CAGE Spokesperson Cerie Bullivant added: “We must push back against this racist and abusive citizen deprivation process. Cases like Tauqir’s reveal how the government and right-wing lobbyists are exploiting ‘War on Terror’ rhetoric to influence the judiciary in ways that violate due process norms and punish humanitarian workers.

“We have been documenting cases like this for years, but these stories seldom find traction in the media. This is because human rights organisations have failed to recognise how War on Terror violations such as these set dangerous precedents that will eventually affect everybody, not just Muslims.”

In 2017, the Home Office removed Sharif’s British citizenship, saying it had seen secret intelligence and believed he had links to a group aligned with al-Qaeda. Mr Sharif denies the links and calls the decision “unfair” and “racist.”

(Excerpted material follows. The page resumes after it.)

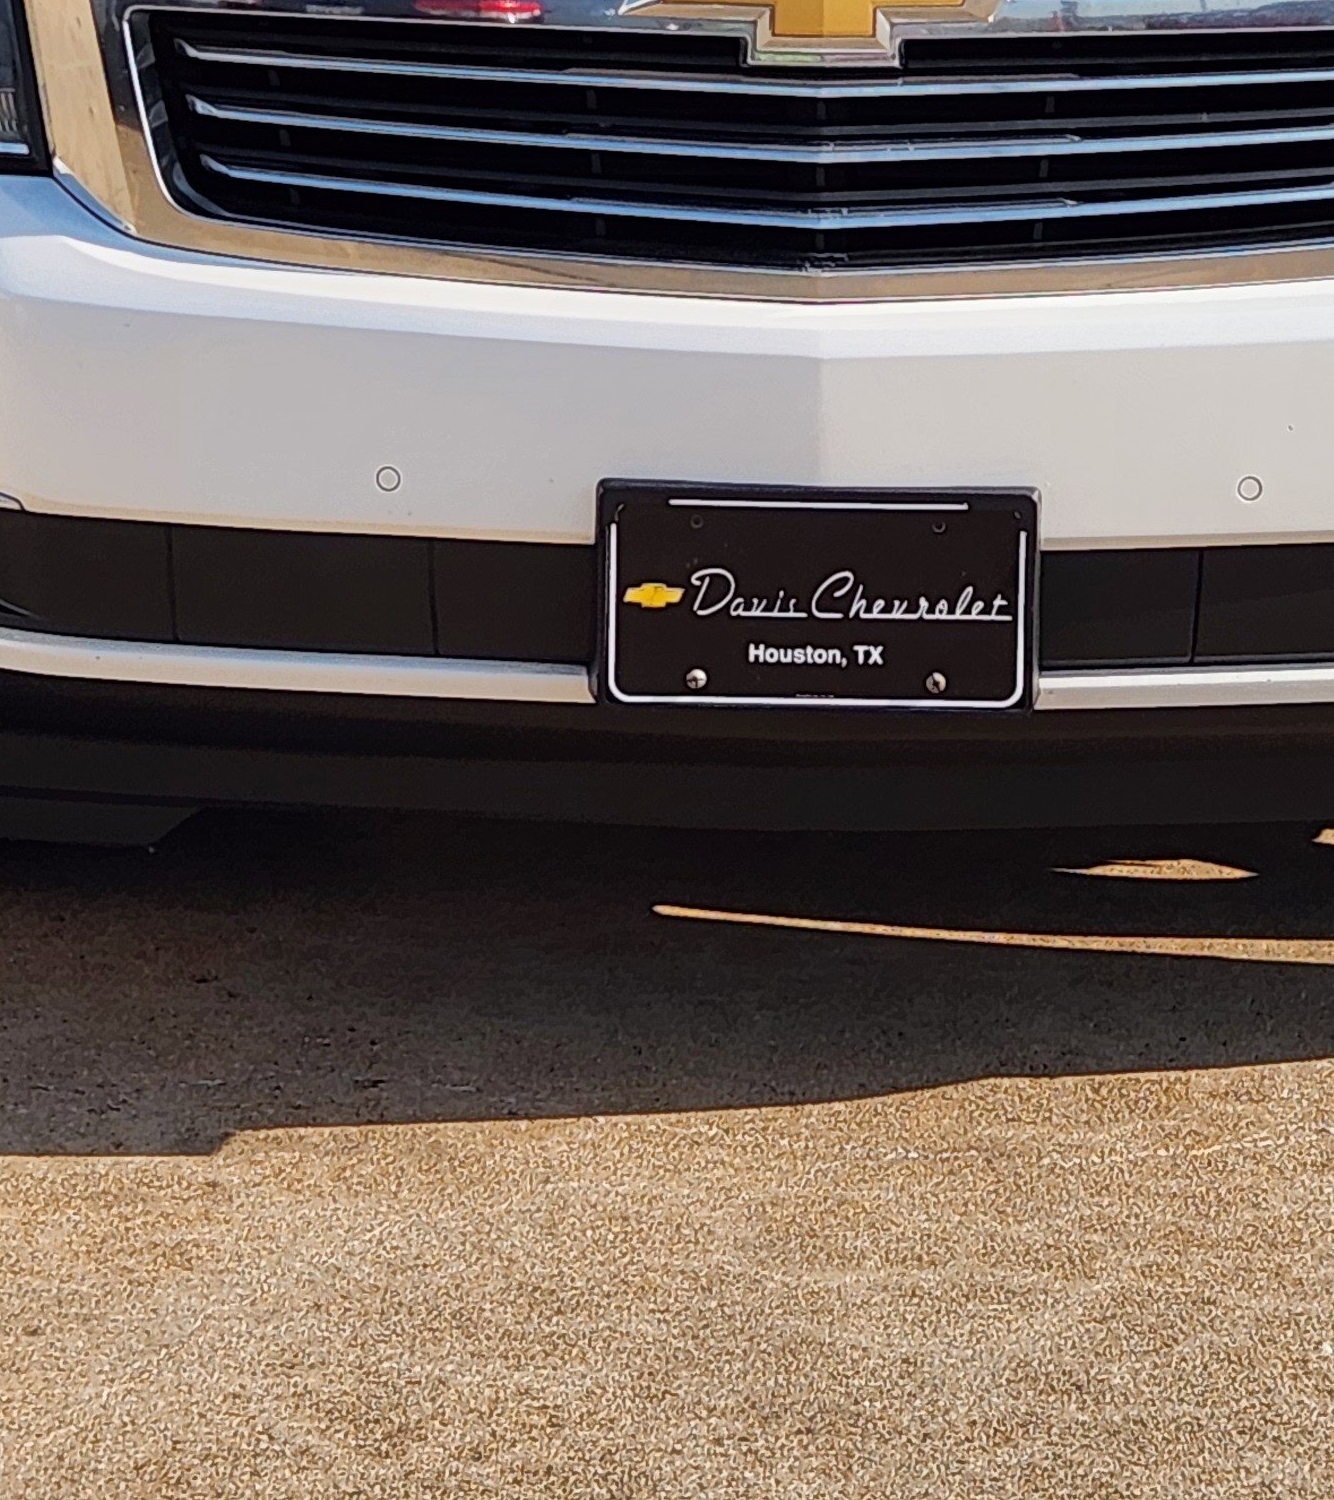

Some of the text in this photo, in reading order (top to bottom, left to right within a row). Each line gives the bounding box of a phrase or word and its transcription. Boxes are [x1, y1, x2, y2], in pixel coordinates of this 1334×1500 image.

[690, 567, 1013, 621] Davis Chevrolet
[748, 643, 884, 668] Houston, TX

The Home Office says any decision to deprive someone of their citizenship was based “on all available evidence and not taken lightly.”

As Mr Sharif is entitled to Pakistani nationality through his father, the UK government is allowed to deprive him of his British citizenship as he would not become stateless.

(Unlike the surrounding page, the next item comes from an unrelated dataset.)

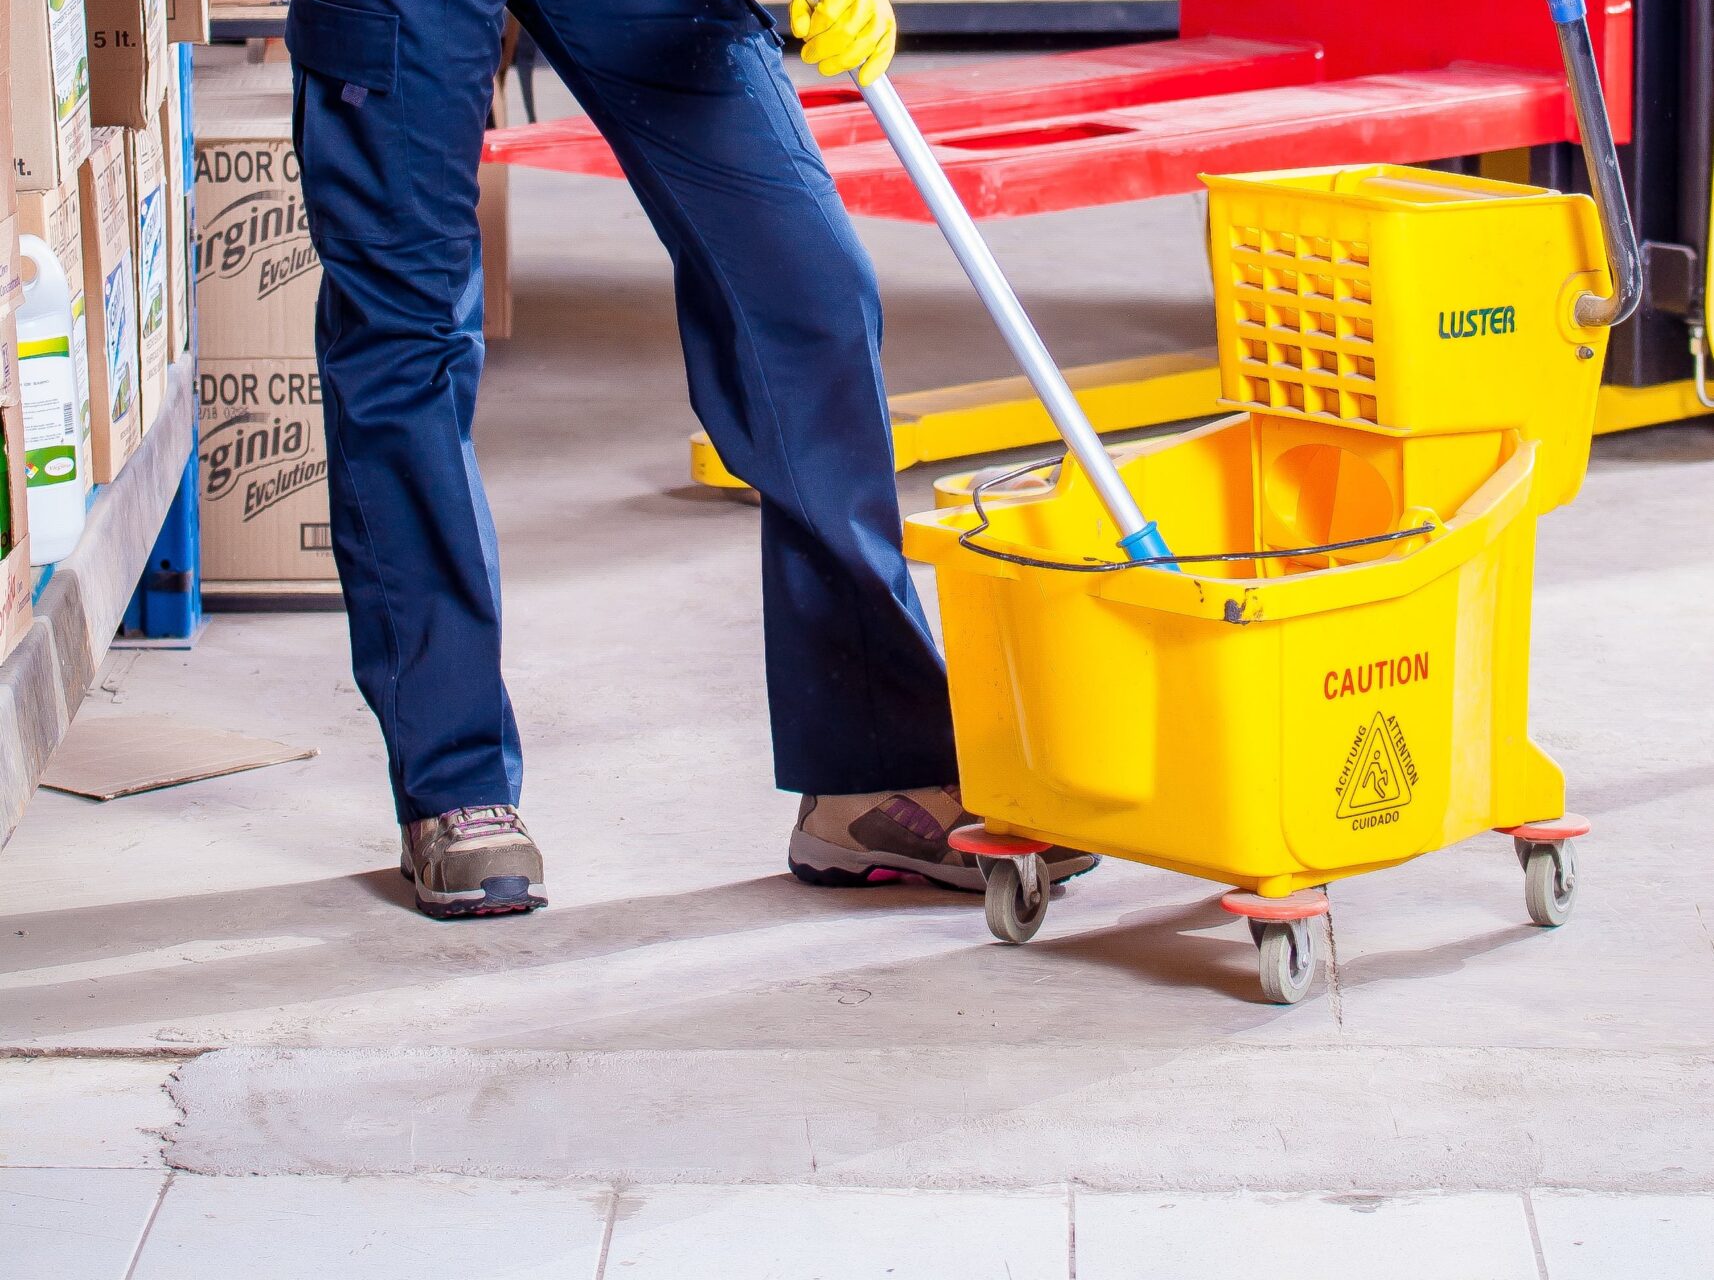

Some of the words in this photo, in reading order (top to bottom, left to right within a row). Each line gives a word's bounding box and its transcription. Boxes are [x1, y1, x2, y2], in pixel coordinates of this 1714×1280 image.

Mr Sharif’s wife is British, as are their five children who have all been born in Syria since they moved there. The couple have been unable to obtain passports for their children.

A Home Office letter to Mr Sharif said he was deprived of his citizenship because “it is assessed that you are a British/Pakistani dual national who has travelled to Syria and is aligned to an AQ (al-Qaeda) aligned group… your return to the UK would present a risk to the national security of the United Kingdom.”

The letter added: “My decision has been taken in part reliance on information which, in my opinion, should not be made public in the interest of national security.”

Mr Sharif is appealing against the decision and had until recently been granted anonymity by the Special Immigration Appeals Commission – the semi-secret court which decides on national security immigration cases.

He has chosen to waive his rights to anonymity in order to tell his story.

Around 150 dual nationals have had their British citizenship removed by the Home Office to date.

Recently, Shamima Begum – the London teenager who fled the UK to join the Islamic State group in Syria but now wants to come home – had her British citizenship taken away by the government.